Israel’s decision to recognise Somaliland as an independent nation has been described as historic by Somaliland’s president, Abdirahman Mohamed Abdullahi. He framed the December 2025 declaration as the first decisive breach in the wall of diplomatic isolation that has surrounded Somaliland for more than three decades.
Somaliland has operated as a fully functional de facto state with defined territory, population and government since declaring independence from Somalia in 1991. But it lacks international recognition. This would allow it full participation in the global community, such as membership in the United Nations, as well as boosting its economic opportunities.
I am a scholar of peace and conflict resolution, constitutional design and constitutional law, with a regional focus on the Horn of Africa. My work includes examining regional peace and security.
Based on this deep knowledge of the region, I would argue that Tel Aviv’s decision is indeed consequential. But not because it resolves anything.
Its significance lies in the fact that it has elevated a question of legal status into a strategic contest unfolding within the world’s most volatile geopolitical corridor.

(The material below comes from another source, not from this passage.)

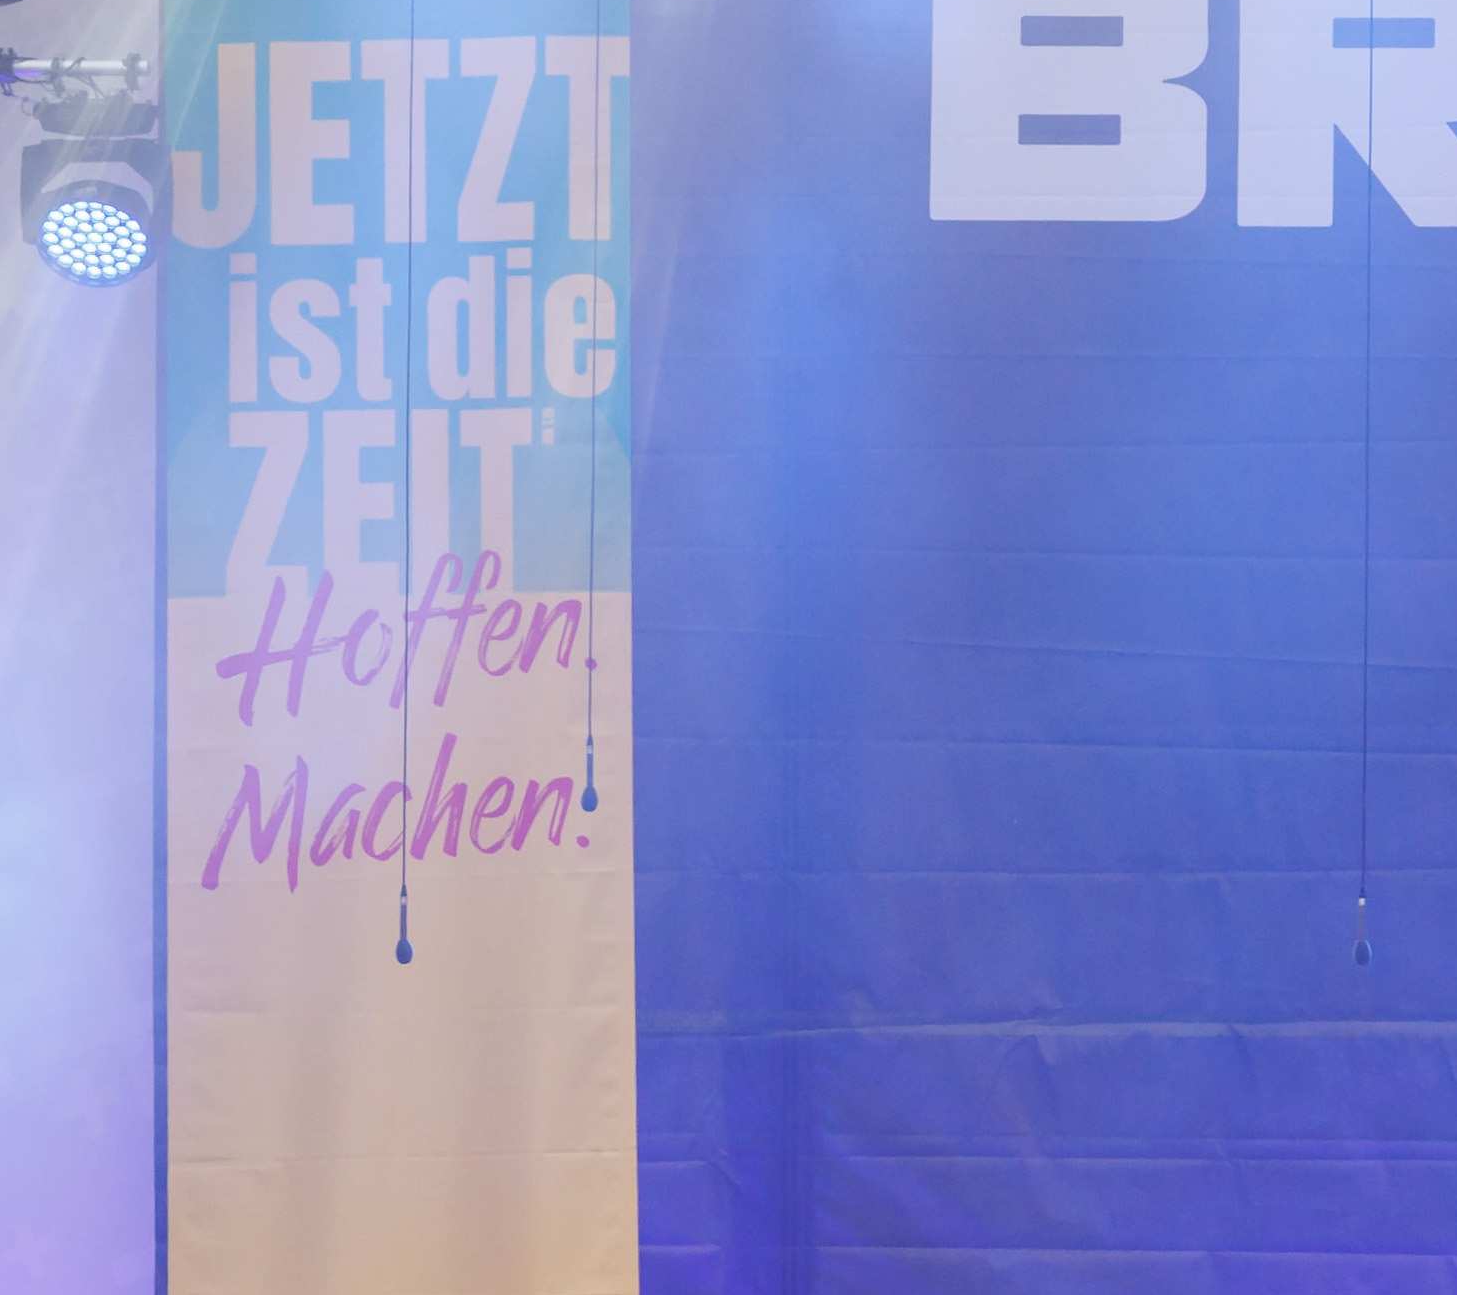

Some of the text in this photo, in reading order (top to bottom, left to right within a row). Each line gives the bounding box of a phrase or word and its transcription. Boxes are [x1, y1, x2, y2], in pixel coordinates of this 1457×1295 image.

Over the last decade the Red Sea – which links the Mediterranean to the Indian Ocean – has become the frontline of a new multipolar order. The region has been transformed into a dense arena of overlapping crises. These include state collapses in Sudan, Yemen and Somalia, and Ethiopia’s destabilising quest for maritime access. There is also the intensification of Gulf rivalry and great power competition, which includes China’s consolidation of a coastal arc of influence.
The Red Sea region now hosts the highest concentration of foreign military bases on earth. It also sits astride critical global trade routes.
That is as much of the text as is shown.